Three things come to mind. First, invite constituents with disabilities to share their assistive technology success stories in a public way with other legislative members. Second, publish success stories. Third, appropriate funding and pass laws that enable people with disabilities to do as much as possible on their own. Wouldn't everyone want that?

Beverly Armstrong - Richmond Heights, MO

I graduated from the Missouri School for the Blind and went on to Missouri Valley College, where I obtained a B.A. in Human Relations. For seven years I worked in public relations for 1st National Bank in St. Louis. I became a stay at home mom when my daughter was born. When she started school, I began volunteering for Meals with Wheels, which I did for seventeen years. In 1989, at the age of 52, I became the hunger action coordinator for the Presbytery of Giddings-Lovejoy. I also began using a computer for the first time. (I initially thought I was going to blow it up!) My job responsibilities include working with the hunger ministries of more than 100 churches. In addition, I serve on the board of the St. Louis Area Food Banks and on the boards of three United Way supported emergency food and shelter programs.

How Do You Use Assistive Technology?

A screen reader program used in conjunction with my computer helps me complete word processing tasks. For taking notes I use a device called a Braille Lite. A braille watch helps me keep track of time and a talking calculator helps me monitor the funds I am responsible for.

What Would Your Life Be Like Without Assistive Technology?

Extremely limited. Without adaptations to my computer and the other forms of assistive technology I use, I would not be able to do the work I do.

What Suggestions Would You Give To The Governor And The Legislature About Support Of Assistive Technology?

For people with disabilities to be part of the workplace, it is imperative that they make assistive technology available.

Scott Higdon - Florissant, MO

I have a B.S. in Computer Science and Math, a B.A. in Earth Science, a M.S. in Geography and another M.S. in Artificial Intelligence. I have been employed by the U.S. Government for the last eleven years. I am 36 years old and have cerebral palsy. Away from work, I am involved in my church and serve as a trustee for Barrington Downs. I enjoy board games, travel, hunting, fishing and being outdoors.

How Do You Use Assistive Technology?

My primary forms of assistive technology are my electric wheelchair and my adapted van. At work I have a computer that has voice-activation capabilities. Where possible, I like to design and make my own assistive devices.

What Do You Think Your Life Would Be Like Without Assistive Technology?

Life would be pretty boring. Without assistive technology, I do not think I would be able to do a lot of the things that I do.

What Suggestions Would You Give To The Governor And The Legislature About Support Of Assistive Technology?

It is incredibly important to all individuals, not just persons with disabilities. If you make a world that is universally accessible, everyone will be better off.

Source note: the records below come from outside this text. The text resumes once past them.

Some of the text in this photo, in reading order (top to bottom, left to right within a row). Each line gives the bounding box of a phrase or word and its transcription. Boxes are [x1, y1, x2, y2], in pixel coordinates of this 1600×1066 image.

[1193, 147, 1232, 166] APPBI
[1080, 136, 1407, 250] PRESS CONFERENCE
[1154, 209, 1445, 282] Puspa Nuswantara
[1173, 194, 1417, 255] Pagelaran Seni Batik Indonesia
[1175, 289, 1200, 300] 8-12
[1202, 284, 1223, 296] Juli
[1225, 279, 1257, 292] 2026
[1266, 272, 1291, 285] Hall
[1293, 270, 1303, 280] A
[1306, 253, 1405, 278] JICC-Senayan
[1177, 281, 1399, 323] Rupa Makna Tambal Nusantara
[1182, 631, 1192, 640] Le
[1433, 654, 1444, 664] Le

Robert Steve Korb - Wildwood, MO

I graduated from the Veterinary Technology Program at Jefferson College and am now working at Webster Grove Veterinary Hospital. I am 34 years old. While pregnant with me, my mother contracted rubella (German measles). As a result I was born with a profound hearing loss. My interests include cooking, horseback riding and the Raptor Center at the Wild Bird Sanctuary, where I am a volunteer.

How Do You Use Assistive Technology?

In the classroom, I used real-time captioning. Real-time captioning really helps me to capture large amounts of information. When conversing on the telephone, I use either a TTY or Missouri Relay. My television is outfitted with close captioning so that I can understand what is being said.

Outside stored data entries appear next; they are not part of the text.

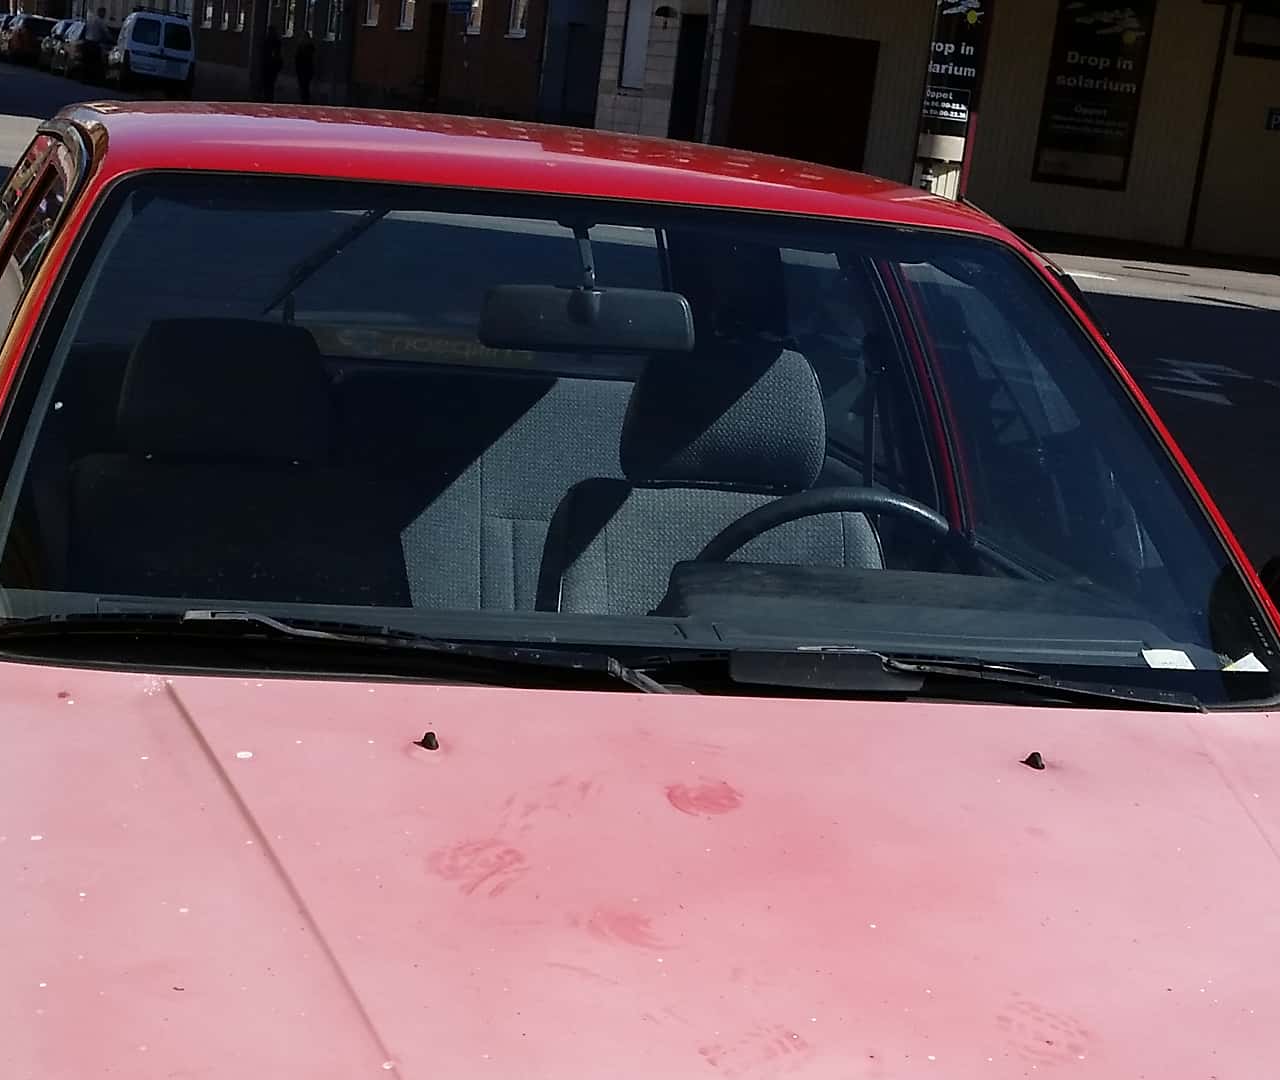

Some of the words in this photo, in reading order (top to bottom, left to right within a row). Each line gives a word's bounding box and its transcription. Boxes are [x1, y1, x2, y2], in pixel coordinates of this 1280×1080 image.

[930, 41, 956, 55] rop
[960, 41, 974, 56] in
[1066, 50, 1111, 70] Drop
[1117, 56, 1134, 71] in
[1055, 73, 1137, 95] solarium

What Do You Think Your Life Would Be Like Without Assistive Technology?

My life would be miserable if I had no assistive technology. Without real-time captioning, I would miss a lot of information. If I did not use the Relay service, I would not be able to communicate with both hearing and hearing-impaired people. If I did not have closed captioning on my television, I would be depressed and miserable.

What Suggestions Would You Give To The Governor And The Legislature About Support of Assistive Technology?

When the technology becomes available, I would suggest that there be a way to have closed-captioning in the movie theaters (rear-view captioning is currently the only technology available in movie theaters). I would also suggest that all television commercials be closed-captioned and that all news stations use real-time captioning, especially for the weather forecast. I realize that there is a lack of people who do real-time captioning, but I would like to see funding for the improvement of real-time captioning in the schools.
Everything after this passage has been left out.